California sexual harassment has gained unprecedented attention in recent months, starting in Hollywood and expanding to include nearly every type of employer in the country. Sexual harassment is considered a form of sex discrimination under both federal and state laws. It can take two main forms. Quid pro quo sexual harassment occurs when a supervisor or manager makes sexual conduct of some sort a condition of employment, such as when an employee will receive better shift assignments if they date the boss. A hostile work environment occurs when the sexually inappropriate conduct of one or more other people in the workplace interferes with the ability to do one’s job. Federal and state laws require proof that the allegedly offensive conduct was “pervasive or severe.” See Cal. Civ. Code § 51.9(a)(2). A California state senator held a hearing in January 2018 to consider whether this standard is too stringent, looking at New York City’s employment statute for possible revisions to state law that could affect many California employers.
The U.S. Supreme Court has defined the “severe or pervasive” standard for hostile work environment claims under federal law as requiring evidence of “an environment that a reasonable person would find hostile or abusive.” Harris v.

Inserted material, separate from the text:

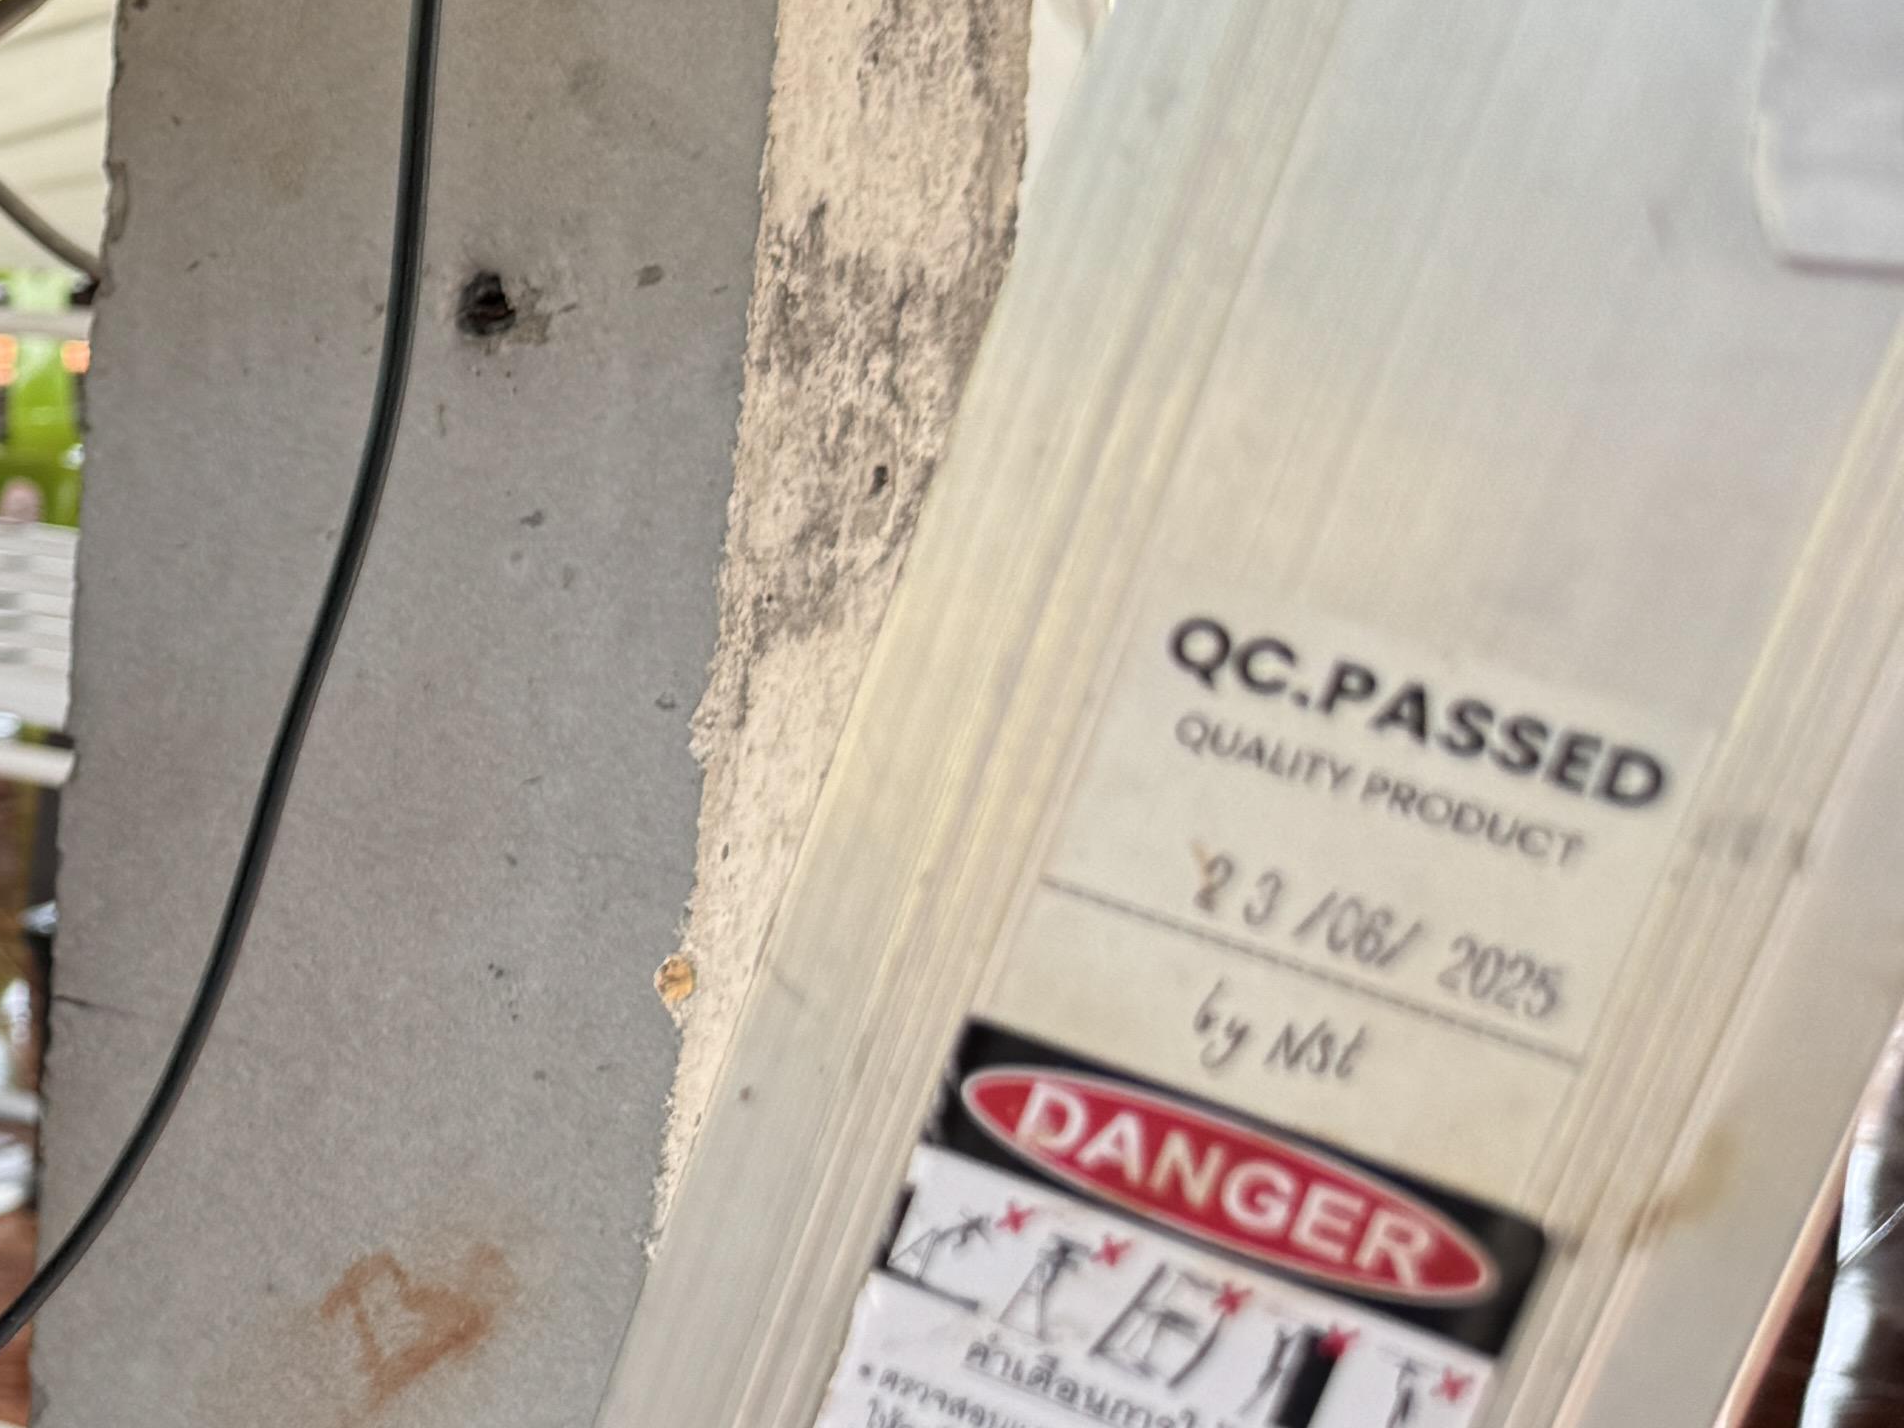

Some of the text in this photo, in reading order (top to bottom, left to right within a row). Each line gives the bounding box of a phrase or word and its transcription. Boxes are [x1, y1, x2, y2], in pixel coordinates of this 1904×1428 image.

Forklift Systems, Inc., 510 U.S. 17, 21 (1993). California courts apply the same standard for hostile work environment claims under the California Fair Employment and Housing Act (FEHA). See, e.g., Hughes v. Pair, 46 Cal.4th 1035, 1048 (2009). Determining whether the alleged offensive conduct was “severe or pervasive” has both a subjective and an objective component. It requires consideration of “a constellation of surrounding circumstances, expectations, and relationships,” rather than “a simple recitation of the words used or the physical acts performed.” Lyle v. Warner Bros. Television Prod., 42 Cal.Rptr.3d 2, 16 (2006).
A dissenting appellate court justice in the Hughes case cited above criticized the “severe or pervasive” standard, noting that the statute that uses that language, the Unruh Civil Rights Act (UCRA), “is not an employment discrimination statute,” and nothing indicates that the state legislature intended to mix this statute and the FEHA. Hughes v. Pair, 65 Cal. Rptr. 3d 619, 632 (Cal. App., 2d Dist. 2007) (Armstrong, Acting P.J., dissenting). The justice advocated for an “interpret[ation] based on the plain and ordinary meaning of the words” in the statute. Id. at 633. Other critics of the “severe or pervasive” standard point to the reportedly high percentage of sexual harassment complaints dismissed by the courts, arguing that the standard imposes too high a burden on complainants.
California State Senator Hannah-Beth Jackson (D-Santa Barbara) announced the hearing on the “severe or pervasive” standard of proof in late 2017. The purpose of the hearing was to consider other approaches to proving a hostile work environment. A New York City official offered testimony on the city’s employment discrimination law, which requires proof that a plaintiff “has been treated less well than other employees because of…gender.” Williams v New York City Hous. Auth., 61 A.D.3d 62, 78 (N.Y. App. Div., 1st Dept. 2009).